= Required work =
Your answer must be an exact copy of the data below.

= Information shown =
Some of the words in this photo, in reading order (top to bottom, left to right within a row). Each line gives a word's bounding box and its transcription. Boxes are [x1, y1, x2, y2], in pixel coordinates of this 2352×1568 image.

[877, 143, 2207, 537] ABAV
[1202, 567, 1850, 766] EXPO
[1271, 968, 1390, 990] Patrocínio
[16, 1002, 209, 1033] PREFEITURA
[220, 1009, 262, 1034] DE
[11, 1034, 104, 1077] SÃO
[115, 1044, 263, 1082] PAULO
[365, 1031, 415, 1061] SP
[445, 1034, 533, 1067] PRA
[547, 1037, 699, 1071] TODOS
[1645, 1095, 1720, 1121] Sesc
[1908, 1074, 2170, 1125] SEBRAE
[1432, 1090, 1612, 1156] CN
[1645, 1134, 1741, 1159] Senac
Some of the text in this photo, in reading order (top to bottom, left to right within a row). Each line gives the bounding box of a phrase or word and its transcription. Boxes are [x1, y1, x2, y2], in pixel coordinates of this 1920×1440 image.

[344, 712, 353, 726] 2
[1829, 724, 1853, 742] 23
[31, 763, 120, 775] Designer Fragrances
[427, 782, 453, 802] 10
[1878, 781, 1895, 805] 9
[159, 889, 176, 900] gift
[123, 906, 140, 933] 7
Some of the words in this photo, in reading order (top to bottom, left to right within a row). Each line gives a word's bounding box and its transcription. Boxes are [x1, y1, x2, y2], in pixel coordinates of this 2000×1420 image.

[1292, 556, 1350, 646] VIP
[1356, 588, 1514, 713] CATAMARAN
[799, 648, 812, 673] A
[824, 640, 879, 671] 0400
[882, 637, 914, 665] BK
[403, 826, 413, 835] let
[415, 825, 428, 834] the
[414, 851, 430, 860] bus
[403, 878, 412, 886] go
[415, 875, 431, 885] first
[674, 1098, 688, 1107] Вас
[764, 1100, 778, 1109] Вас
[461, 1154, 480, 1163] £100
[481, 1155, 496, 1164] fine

= Output for this task =
Some of the words in this photo, in reading order (top to bottom, left to right within a row). Each line gives a word's bounding box and its transcription. Boxes are [x1, y1, x2, y2], in pixel coordinates of this 2352×1568 image.

[877, 143, 2207, 537] ABAV
[1202, 567, 1850, 766] EXPO
[1271, 968, 1390, 990] Patrocínio
[16, 1002, 209, 1033] PREFEITURA
[220, 1009, 262, 1034] DE
[11, 1034, 104, 1077] SÃO
[115, 1044, 263, 1082] PAULO
[365, 1031, 415, 1061] SP
[445, 1034, 533, 1067] PRA
[547, 1037, 699, 1071] TODOS
[1645, 1095, 1720, 1121] Sesc
[1908, 1074, 2170, 1125] SEBRAE
[1432, 1090, 1612, 1156] CN
[1645, 1134, 1741, 1159] Senac
Some of the text in this photo, in reading order (top to bottom, left to right within a row). Each line gives the bounding box of a phrase or word and its transcription. Boxes are [x1, y1, x2, y2], in pixel coordinates of this 1920×1440 image.

[344, 712, 353, 726] 2
[1829, 724, 1853, 742] 23
[31, 763, 120, 775] Designer Fragrances
[427, 782, 453, 802] 10
[1878, 781, 1895, 805] 9
[159, 889, 176, 900] gift
[123, 906, 140, 933] 7
Some of the words in this photo, in reading order (top to bottom, left to right within a row). Each line gives a word's bounding box and its transcription. Boxes are [x1, y1, x2, y2], in pixel coordinates of this 2000×1420 image.

[1292, 556, 1350, 646] VIP
[1356, 588, 1514, 713] CATAMARAN
[799, 648, 812, 673] A
[824, 640, 879, 671] 0400
[882, 637, 914, 665] BK
[403, 826, 413, 835] let
[415, 825, 428, 834] the
[414, 851, 430, 860] bus
[403, 878, 412, 886] go
[415, 875, 431, 885] first
[674, 1098, 688, 1107] Вас
[764, 1100, 778, 1109] Вас
[461, 1154, 480, 1163] £100
[481, 1155, 496, 1164] fine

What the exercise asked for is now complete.